For European organizations, especially small and medium enterprises (SMEs) and home office environments relying on TOTOLINK NR1800X routers, this vulnerability presents a critical risk. Compromise of the router can lead to interception of sensitive communications, unauthorized network access, and potential lateral movement into corporate networks. Given the router’s role as a network gateway, attackers could manipulate DNS settings, redirect traffic, or deploy malware within the internal network. This can result in data breaches, loss of confidentiality, and disruption of business operations. The high severity and ease of exploitation (once authenticated) mean that organizations with weak router credential management or exposed management interfaces are particularly vulnerable. Additionally, the lack of a patch increases the window of exposure. The impact extends to availability as successful exploitation can cause device crashes or reboots, disrupting internet connectivity. For organizations in regulated sectors such as finance, healthcare, or critical infrastructure within Europe, this vulnerability could lead to compliance violations and significant operational risks.

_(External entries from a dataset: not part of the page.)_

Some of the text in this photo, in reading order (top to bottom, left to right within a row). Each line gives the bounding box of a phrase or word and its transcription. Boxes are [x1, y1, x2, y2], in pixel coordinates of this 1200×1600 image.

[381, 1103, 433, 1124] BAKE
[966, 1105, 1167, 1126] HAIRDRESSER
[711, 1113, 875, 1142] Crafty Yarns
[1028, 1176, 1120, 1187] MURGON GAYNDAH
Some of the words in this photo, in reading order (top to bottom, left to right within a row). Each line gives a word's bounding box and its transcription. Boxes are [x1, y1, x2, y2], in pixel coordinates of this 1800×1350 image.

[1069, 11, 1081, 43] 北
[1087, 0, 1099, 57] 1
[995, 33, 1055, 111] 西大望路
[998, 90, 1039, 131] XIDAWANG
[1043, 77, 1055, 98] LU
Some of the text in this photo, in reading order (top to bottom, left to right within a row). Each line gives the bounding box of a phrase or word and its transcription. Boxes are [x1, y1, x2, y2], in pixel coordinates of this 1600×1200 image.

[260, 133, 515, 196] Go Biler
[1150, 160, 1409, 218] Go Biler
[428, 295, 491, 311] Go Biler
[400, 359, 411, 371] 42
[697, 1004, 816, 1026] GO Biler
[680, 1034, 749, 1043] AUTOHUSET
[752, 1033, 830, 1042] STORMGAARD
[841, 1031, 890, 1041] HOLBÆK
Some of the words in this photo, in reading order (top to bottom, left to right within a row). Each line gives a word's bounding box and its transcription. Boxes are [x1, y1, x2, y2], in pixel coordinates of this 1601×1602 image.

1. Immediately audit and strengthen authentication mechanisms on TOTOLINK NR1800X routers: change default credentials, enforce strong passwords, and disable remote management interfaces if not required. 2. Restrict administrative access to the router to trusted internal networks only, using network segmentation and access control lists. 3. Monitor router logs for unusual configuration changes or repeated failed authentication attempts that could indicate exploitation attempts. 4. Until a vendor patch is released, consider temporarily disabling the guest WiFi 5 GHz network or the setWiFiEasyGuestCfg functionality if possible to reduce attack surface. 5. Employ network intrusion detection systems (NIDS) to detect anomalous traffic patterns or exploitation attempts targeting the router. 6. Keep firmware updated and subscribe to vendor security advisories to apply patches promptly once available. 7. Educate users and administrators on the risks of using default credentials and the importance of secure router configuration. 8. For critical environments, consider replacing affected devices with models from vendors with active security support and patch management.